Accountability is rapidly becoming an important part of every incident. More and more, people are realizing the usefulness and importance of accountability on the scene. I am talking about having TRUE accountability of ALL personnel at the incident, not just those operating in the "hot zone".
Accountability is not only the responsibility of the Incident Commander, but also every member of the agency. Yes, it is the responsibility of those in charge to set the policies and to see that these policies are implemented. But it is up to each and every one of us to ensure that these policies are followed every time.
It is not very difficult to convince a Chief that he should be using accountability. It is a different story to convince every member of the department of this. It should be as simple as the leadership to saying, "This is the way we are going to do it," and then put it into the SOG which should be the end of it. Unfortunately we all know that is not the case. All too often I hear the excuse that we are just volunteers. My answer to that is yes, you are a volunteer. You volunteered to walk through the door to join. If you want to be a member of this organization, you must abide by the rules and procedures set forth by this organization. End of story.
In my experience with accountability I have seen it do many things for the agencies I have worked with. First of all, everything is done in teams. When you are put on a team you are part of that team for the entire incident. No more freelancing! It is a proven fact that freelancing kills firefighters.
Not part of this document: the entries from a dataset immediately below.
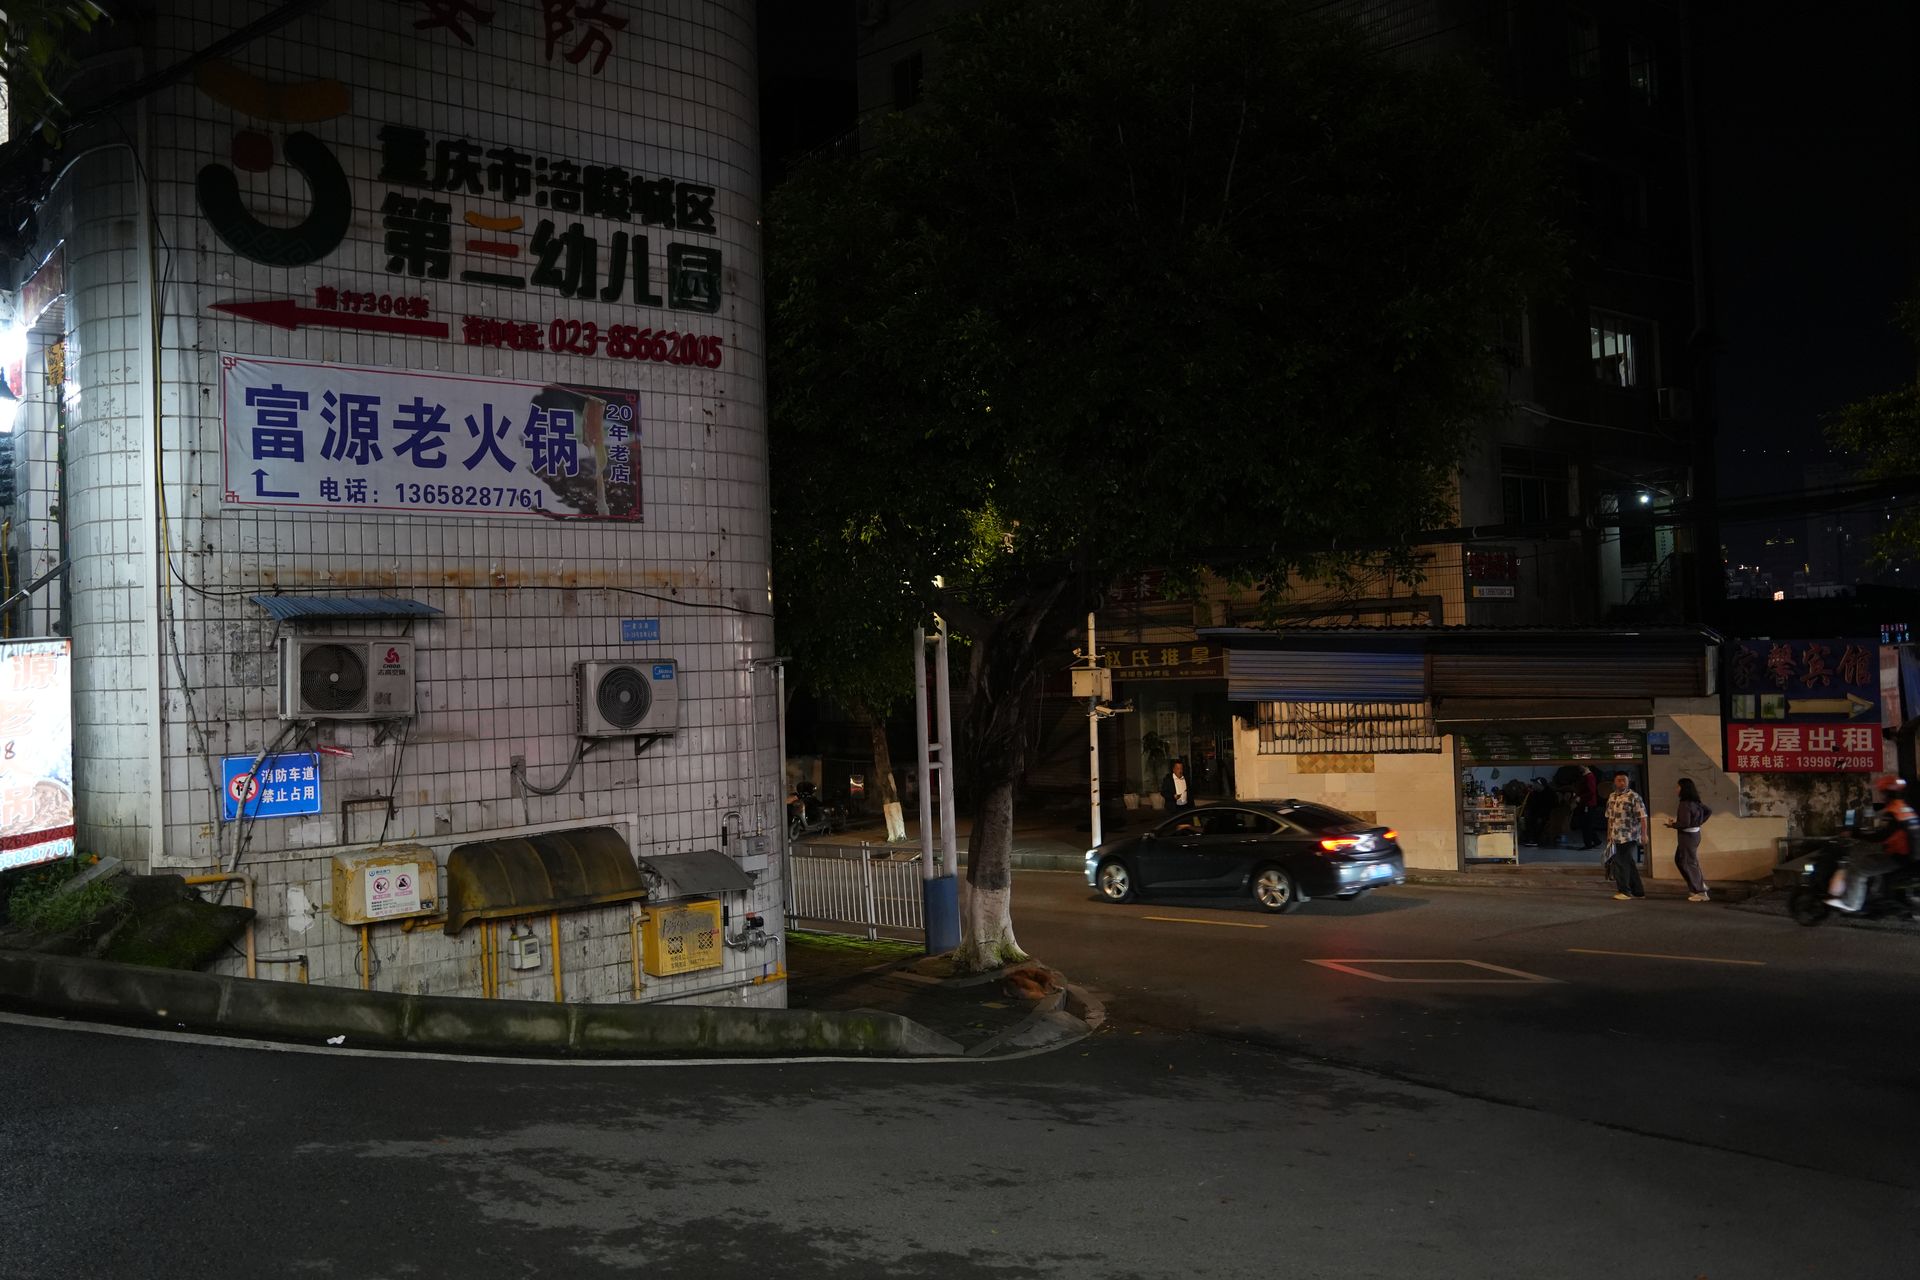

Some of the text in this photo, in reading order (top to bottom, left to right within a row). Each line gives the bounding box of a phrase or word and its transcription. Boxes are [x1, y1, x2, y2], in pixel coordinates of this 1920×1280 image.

[378, 125, 717, 234] 重庆市涪陵城区
[381, 192, 722, 313] 第三幼儿园
[549, 318, 723, 369] 023-85662005
[246, 384, 580, 477] 富源老火锅
[395, 482, 543, 509] 13658287761
[1736, 727, 1874, 752] 房屋出租
[261, 766, 315, 783] 消防车道
[261, 786, 315, 804] 禁止占用
If one member of the team needs air, the whole team goes for air not just that person. I feel that this is a common sense issue. We tell our children at a very young age that they are not to go swimming without a partner so why in the world would we even think about entering one of the most dangerous environments we as human beings could produce, alone?
A team can consist of as little as two members and we suggest that it not exceed six because of the span of control issue. In my experience I believe that teams of two or three work the best. If you need a larger team, it is a lot easier to combine two smaller teams than to make a larger one because once you are part of a team, you should not split that team, unless command determines the need.
There are situations when teams will be split, i.e. if a member must leave the scene or if someone gets hurt. This must be done through command and accountability. If you make a team of six, you now have a team of six for the entire incident. If you combine two teams of three, once you complete your assignment you still have two three-man teams.
These teams are made up to suit the job that they will be performing, not to forget that the team members must be qualified to do the job. In the ABBET-RIT organization, we have adopted a set of "qualification stickers" that are placed in a predetermined location on the helmet to assist in this. These stickers are issued by the chief only after the firefighter receives the proper training and proves at in-house training that they can do the job.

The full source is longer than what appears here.